Military Proposes Change to Sodomy Law
WASHINGTON – According to military law attorneys, President Bush must issue an executive order for approval to allow the Pentagon to preserve its policy of criminalizing consensual sodomy among military service members.Since 2003, the Department of Defense has been deliberating over changing the sodomy law, since the U.S. Supreme Court struck down sodomy laws on the grounds that they infringe on the constitutional rights of adults to engage in private, consensual sex. The military used the sodomy law to justify not allowing gay men and lesbians to serve openly.
The Supreme Court ruling, which was hailed by gay rights attorneys, should apply equally to the military and civilian population, legal experts have argued.
The DOD revealed its strategy for maintaining its sodomy prohibition in the face of the Lawrence vs. Texas decision on April 7, by sending Congress a proposed amendment to the Uniform Code of Military Justice, the statute that contains the military’s sodomy law. The DOD also informed Congress of its proposed change to the Manual for Courts-Martial, which has been the set of regulations used by the DOD to implement different provisions in the Uniform Code of Military Justice, UCMJ.
Initially, gay activits praised the proposed changes after the New York Times reported last week that prohibition of consensual sodomy would be removed from the UCMJ. A DOD spokesperson quickly contradicted the report and confirmed that the DOD intends to retain and uphold the regulation, by moving it from one section of the UCMJ to another. The change would make consensual sodomy a regulatory offense in the court martial manual.

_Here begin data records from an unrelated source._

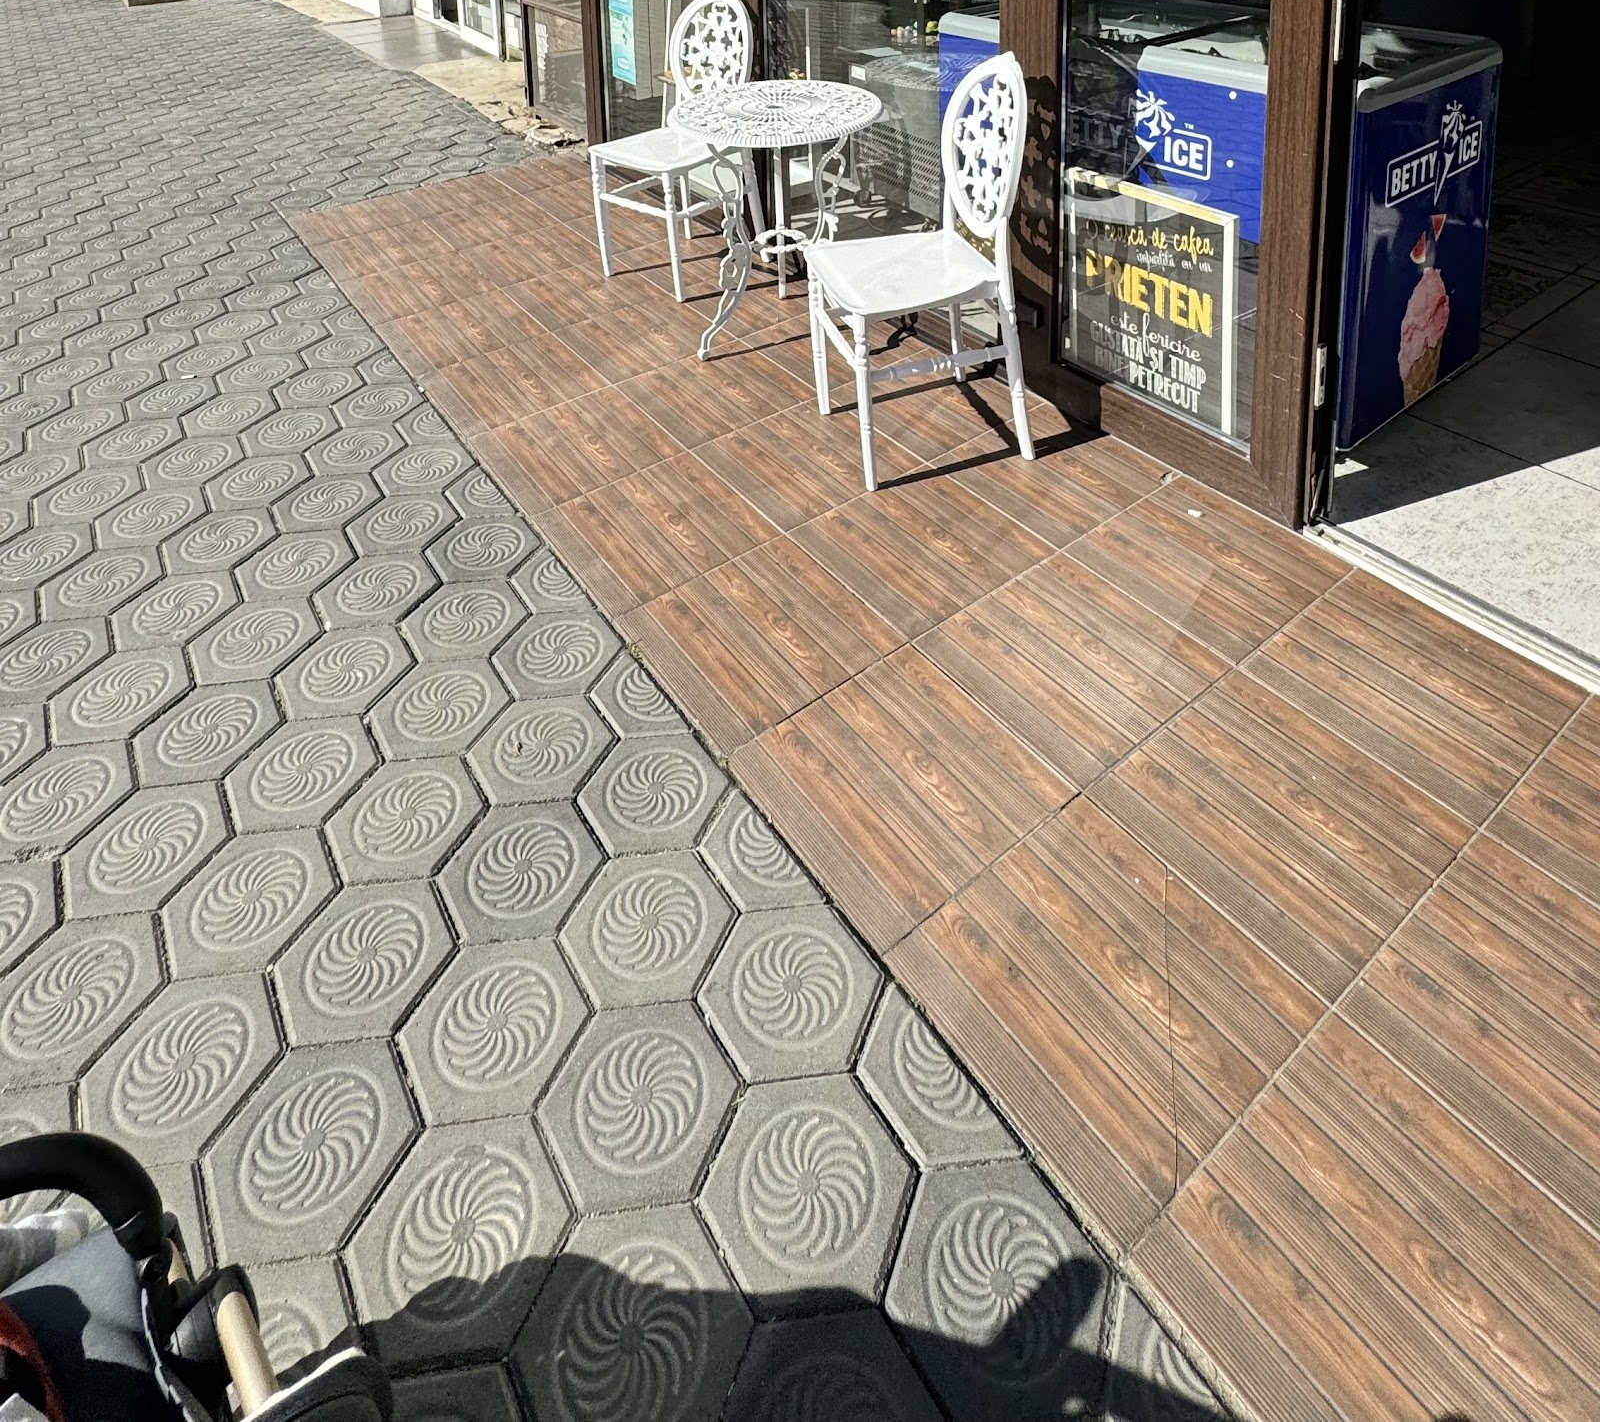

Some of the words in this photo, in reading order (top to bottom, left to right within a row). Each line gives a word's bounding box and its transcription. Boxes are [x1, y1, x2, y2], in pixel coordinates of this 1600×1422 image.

[1163, 136, 1204, 172] ICE
[1390, 150, 1438, 198] BETTY
[1458, 131, 1479, 165] ICE
[1152, 227, 1168, 250] de
[1173, 225, 1214, 265] cafea
[1085, 248, 1213, 338] PRIETEN
[1091, 320, 1145, 364] GUSTATĂ
[1169, 353, 1207, 391] TIMP
[1110, 311, 1139, 335] este
[1142, 312, 1202, 362] fericire
[1095, 345, 1125, 378] BINE
[1129, 360, 1201, 414] PETRECUT

A gay litigation group called the Servicemembers Legal Defense Network, denounced the changes as a “shell game” arguing that would be stand up to the Lawrence decision. SLDN mentioned that at least two military appeals court rulings have cited the Lawrence decision: One military sodomy conviction was overturned last December, and another in August 2004 that prohibits the military from enforcing its sodomy law.

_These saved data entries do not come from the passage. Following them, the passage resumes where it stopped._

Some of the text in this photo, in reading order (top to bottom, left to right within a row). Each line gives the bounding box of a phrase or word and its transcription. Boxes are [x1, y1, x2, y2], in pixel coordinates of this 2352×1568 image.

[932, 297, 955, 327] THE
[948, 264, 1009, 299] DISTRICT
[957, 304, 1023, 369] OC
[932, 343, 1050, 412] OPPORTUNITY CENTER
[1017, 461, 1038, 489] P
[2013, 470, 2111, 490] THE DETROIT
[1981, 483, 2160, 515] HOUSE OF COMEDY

“Pentagon leaders cannot run and hide from the Constitution,” said Sharra Greer, SLDN’s director of policy and law.
President Clinton issued two separate executive orders which changed the DOD Manual for Courts-Martial in ways that supported gay rights. The changes included a new provision to prosecute hate crimes, and the other prevents the military from investigating service members for being gay.
Tara Andringa, a spokesperson for Senator Carl Levin (D-Mich.), the ranking minority member of the Senate Armed Services Committee, commented on the widely held belief among Capitol Hill analysts that Bush will issue the executive order to retain the military’s sodomy prohibition.
Gay rights attorneys maintain the outcome of the military’s sodomy law is significant because it has been used as the key reason for restricting gays from serving openly under the Pentagon’s “Don’t Ask, Don’t Tell” policy. Instilled by Congress and President Clinton in 1993, the “Don’t Ask, Don’t Tell” policy maintains that gays are unsuitable for military service because they engage in conduct considered illegal under the UCMJ’s sodomy law.